Любовь с чистого листа
Часть 30 из 42 Информация о книге
Для доступа к библиотеке пройдите авторизацию
– Нет же, – говорю я в потрясении от фотографии. – Это очень красиво, – не могу удержаться от смеха. – Пухлые круглые буквы так ему подходят!
Никогда бы не подумала, всего два месяца назад я видела только серьезного Рида без засечек. Но ведь эти буквы ему подходят. На фото его распирает от счастья, а разноцветные лямки рюкзака словно праздничные флаги.
– Он так рвался в школу. Дождаться не мог, когда начнет учиться, – говорит Синтия.
Рид, сидящий напротив, закашлялся и повернул чашку на девяносто градусов. Помню наш разговор однажды в городе, когда Рид также хотел меня утешить, открыв кое-что о себе. «В школе со мной было… трудно», – сказал тогда он. Я снова смотрю на фото, чувствуя укол боли за этого счастливого мальчика, чью радость разрушили все, кто не мог его понять.
– Он хотел стать учителем, – говорит Кэди. – Он говорил?
Она произносит это вовсе не как проверку, как возможность узнать, достойна ли я считаться кандидатом на пост девушки Рида. И все же этот факт кажется важным, словно кусочком биографии Рида, которого мне не хватает.
Не ответив ей, я смотрю на него.
– Ты хотел стать учителем?
Он ерзает в кресле, слегка краснея.
– Да, – Рид сглатывает. – А позже… профессором.
Тут сидящий в таком же, как Рид, кресле Томас отпивает чай и устремляет свой острый профиль к окну. На секунду время отматывается назад, и я оказываюсь в кафешке «Нолита», смотрю на Рида, только что рассказавшего о математических играх Джона Хортона Конвейя.
– Что изменилось? – спрашиваю я.
Томас переводит взгляд на меня, уголок его рта подрагивает. Сегодня он держался со мной вежливо, но осторожно – не самая радушная, но знакомая манера. Кто же знал, что его первая положительная реакция на меня за этот день будет вызвана прямо заданным вопросом?
Никто даже не пытается ответить за Рида. Томас поворачивает чашку на девяносто градусов, нарушая звоном тишину.
– В математике я лучше, чем в общении с людьми, – отвечает Рид. – Я не слишком удачно прошел преподавательскую практику.
– Разве тебе… – я прерываюсь, потому что навыки устного счета не улучшаются от того, что я провожу время в его математической семье, – было не девятнадцать, когда ты пошел в аспирантуру?
– Восемнадцать, – отрезает Томас.
– Я закончил колледж за три года, – проясняет Рид.

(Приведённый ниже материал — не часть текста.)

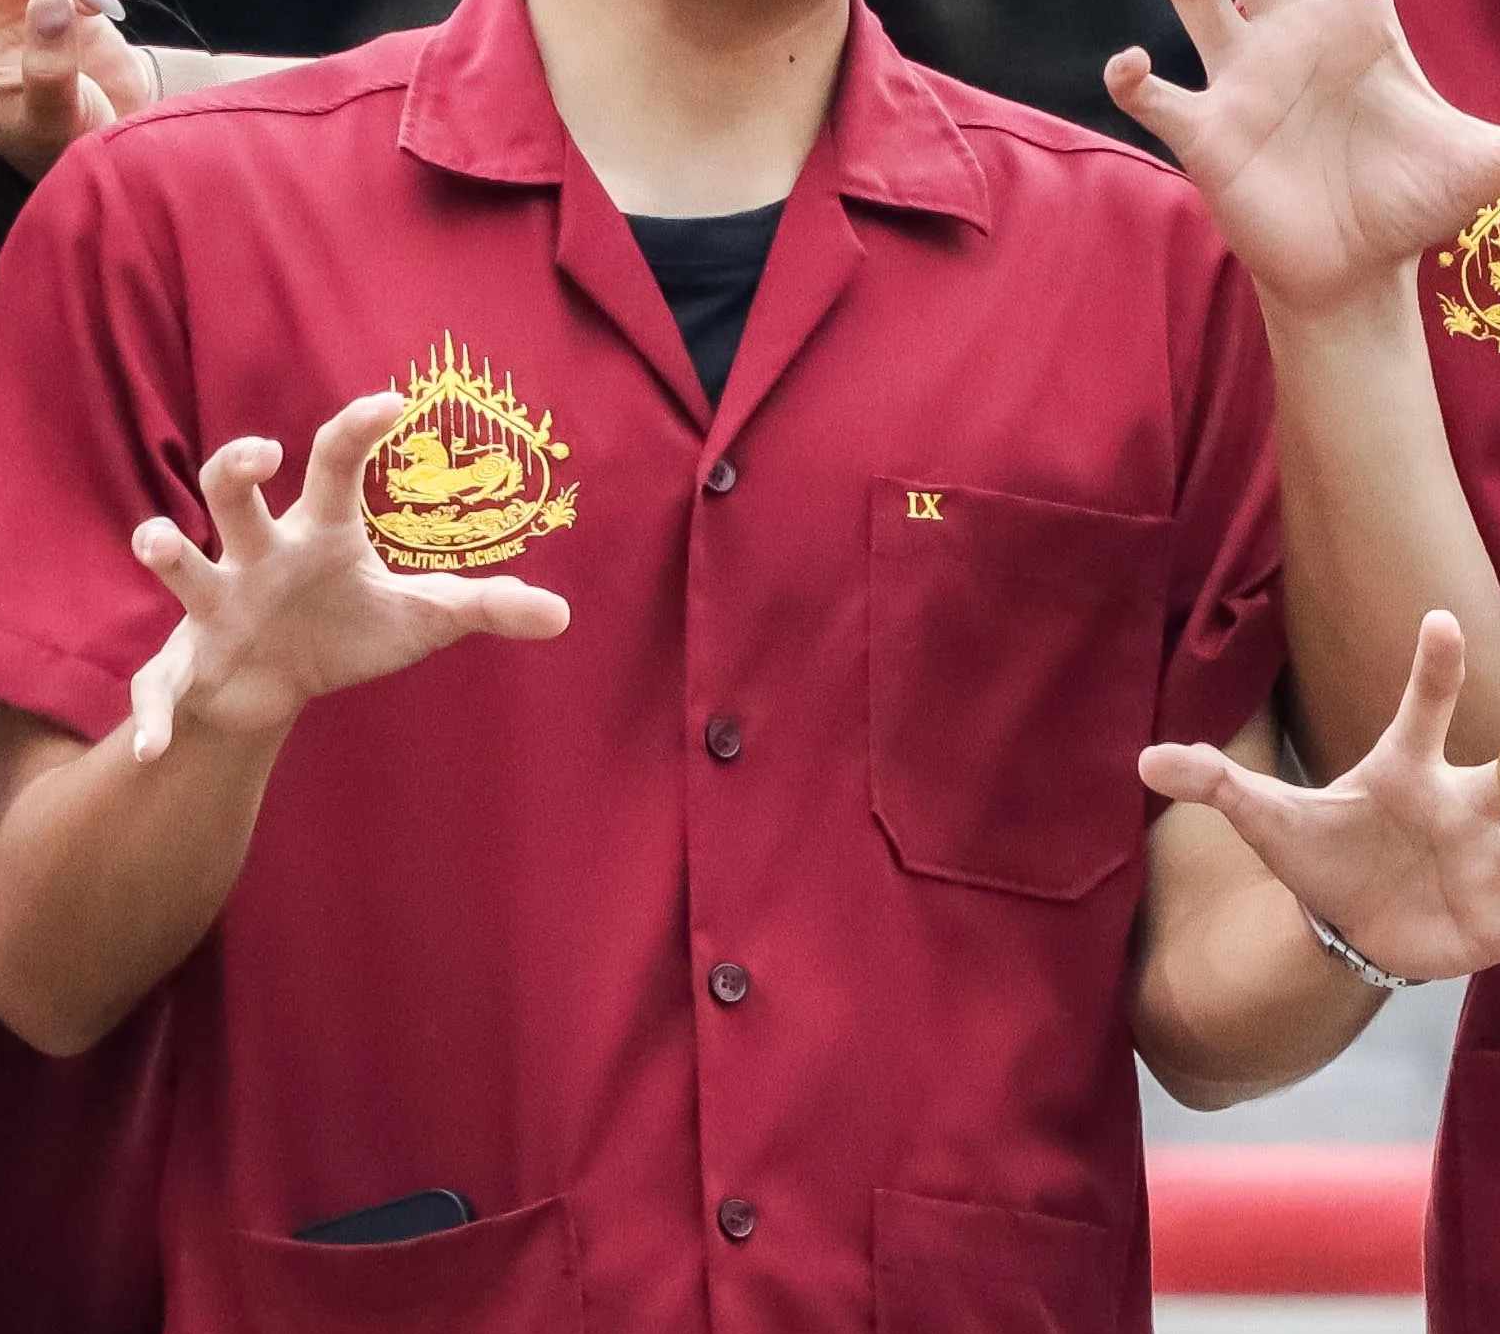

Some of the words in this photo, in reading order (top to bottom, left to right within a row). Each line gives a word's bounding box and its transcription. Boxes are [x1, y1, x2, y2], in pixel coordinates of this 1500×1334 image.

[906, 491, 944, 521] IX
[386, 547, 462, 570] POLITICAL
[464, 539, 527, 568] SCIENCE

– Так… ты был одного возраста со студентами, которых учил?
Рид пожимает плечами.
– Потом я ушел в отдел аналитики. С ней у меня лучше складывалось.
Я возвращаюсь к альбому у себя на коленях, к мальчику Риду с его огромным рюкзаком и широченной улыбкой. И зажатой в руках грифельной дощечкой.

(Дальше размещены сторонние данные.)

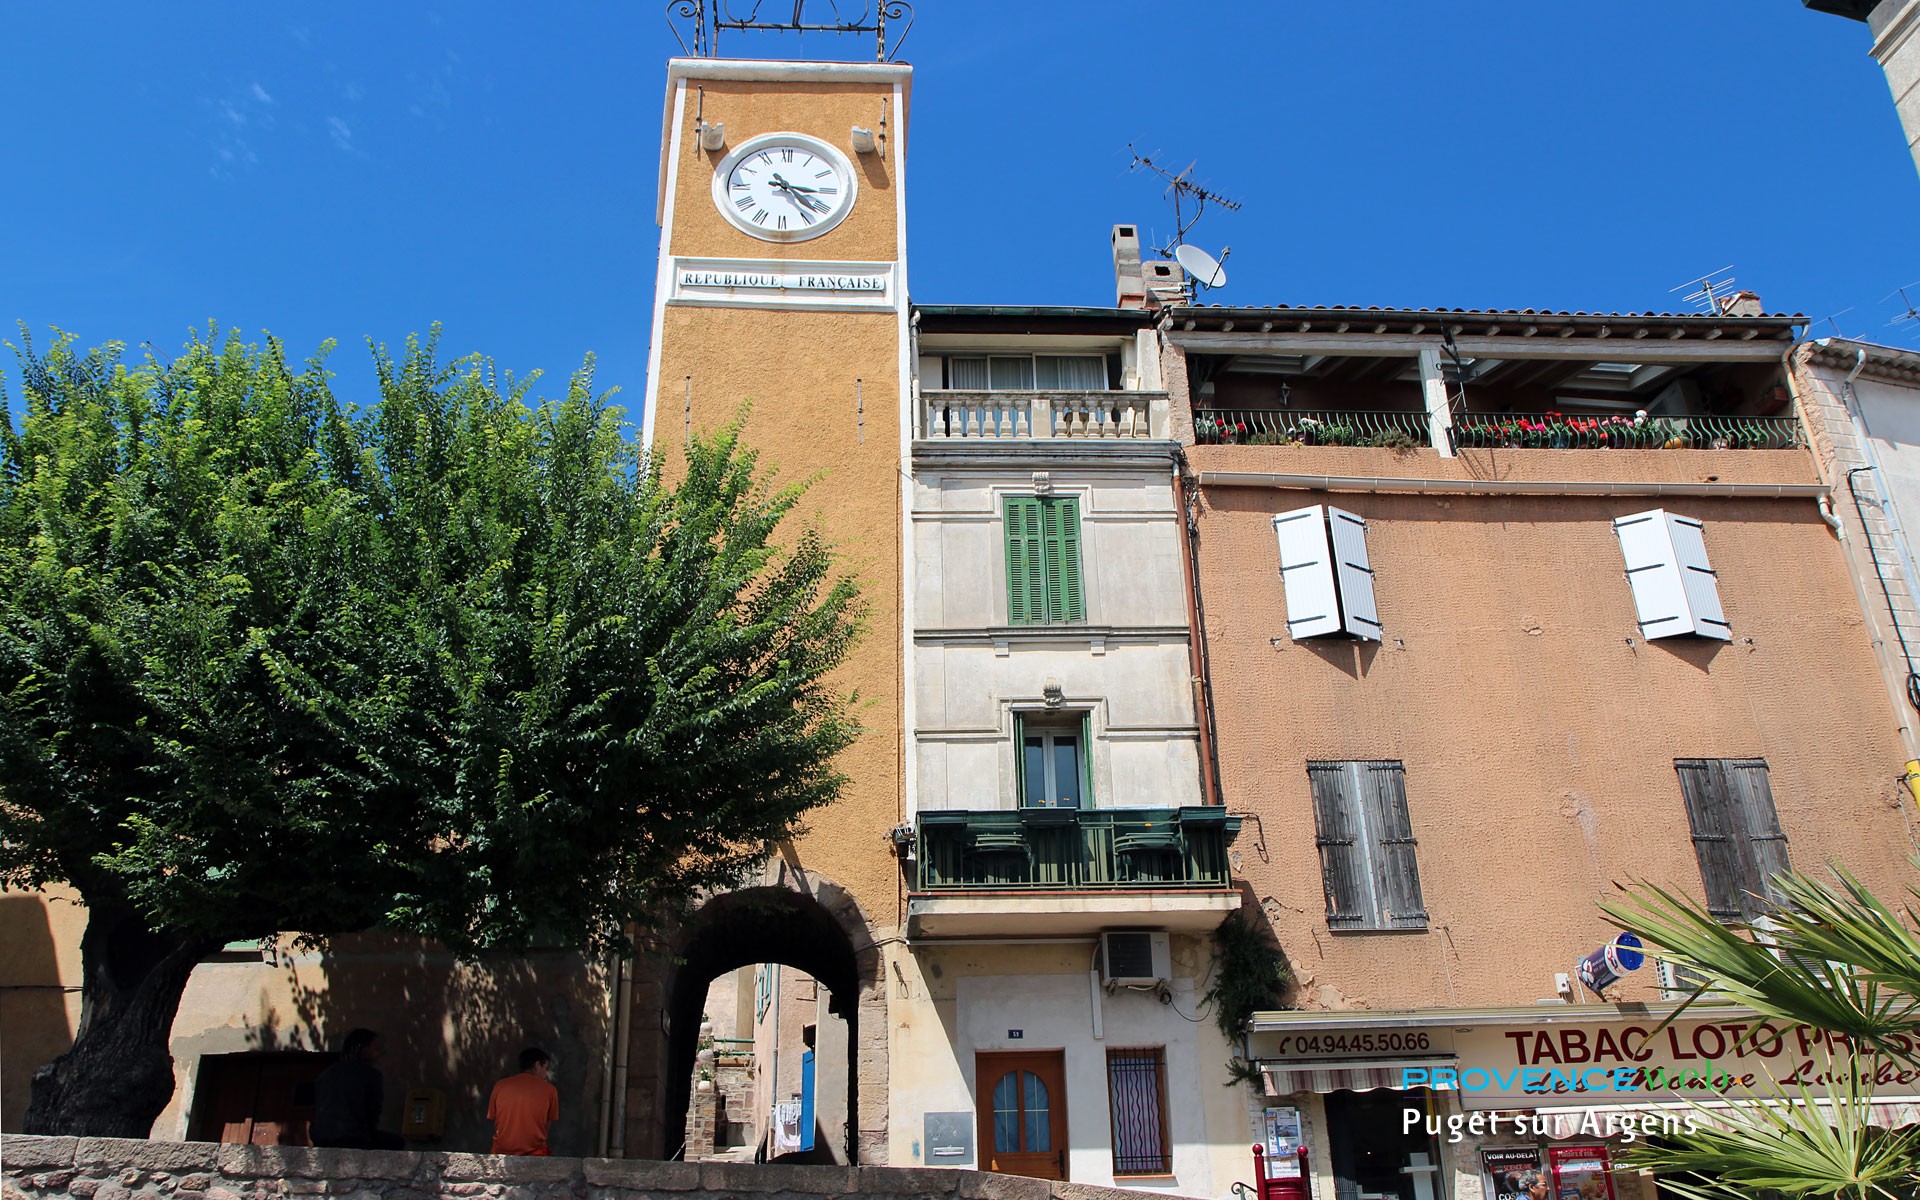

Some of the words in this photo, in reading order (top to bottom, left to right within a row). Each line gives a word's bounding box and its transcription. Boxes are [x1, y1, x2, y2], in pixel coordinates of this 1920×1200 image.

[781, 149, 793, 163] XII
[799, 275, 882, 290] FRANÇAISE
[1295, 1032, 1430, 1054] 04.94.45.50.66
[1505, 1026, 1653, 1066] TABAC
[1666, 1024, 1783, 1060] LOTO

– Я считал, что ему надо пытаться дальше, – говорит Томас. Подняв на него взгляд, я замечаю напряжение между отцом и сыном.
– Я считал, что надо зарабатывать деньги, – отвечает Рид.
– Ты был там шесть лет, – говорит Томас. Кажется, он быстро взглянул на руки Рида, на кожу его рук. – Ты достаточно заработал.
Я смотрю то на одного, то на другого – кажется, я слишком погружена в проблему, чтобы чувствовать за это неловкость и, как обычно, нервничать из-за кипящего конфликта. Насколько же странно видеть Рида таким защитником своей работы и заработка. При мне, в городе, он так явно и регулярно выражает свое презрение и к тому, и к другому. А теперь так странно думать, что Томас, кажется, ничего не знает о том, что Рид повторяет мне с первого дня знакомства: время жизни в НьюЙорке для него именно из-за этого презрения почти подошло к концу.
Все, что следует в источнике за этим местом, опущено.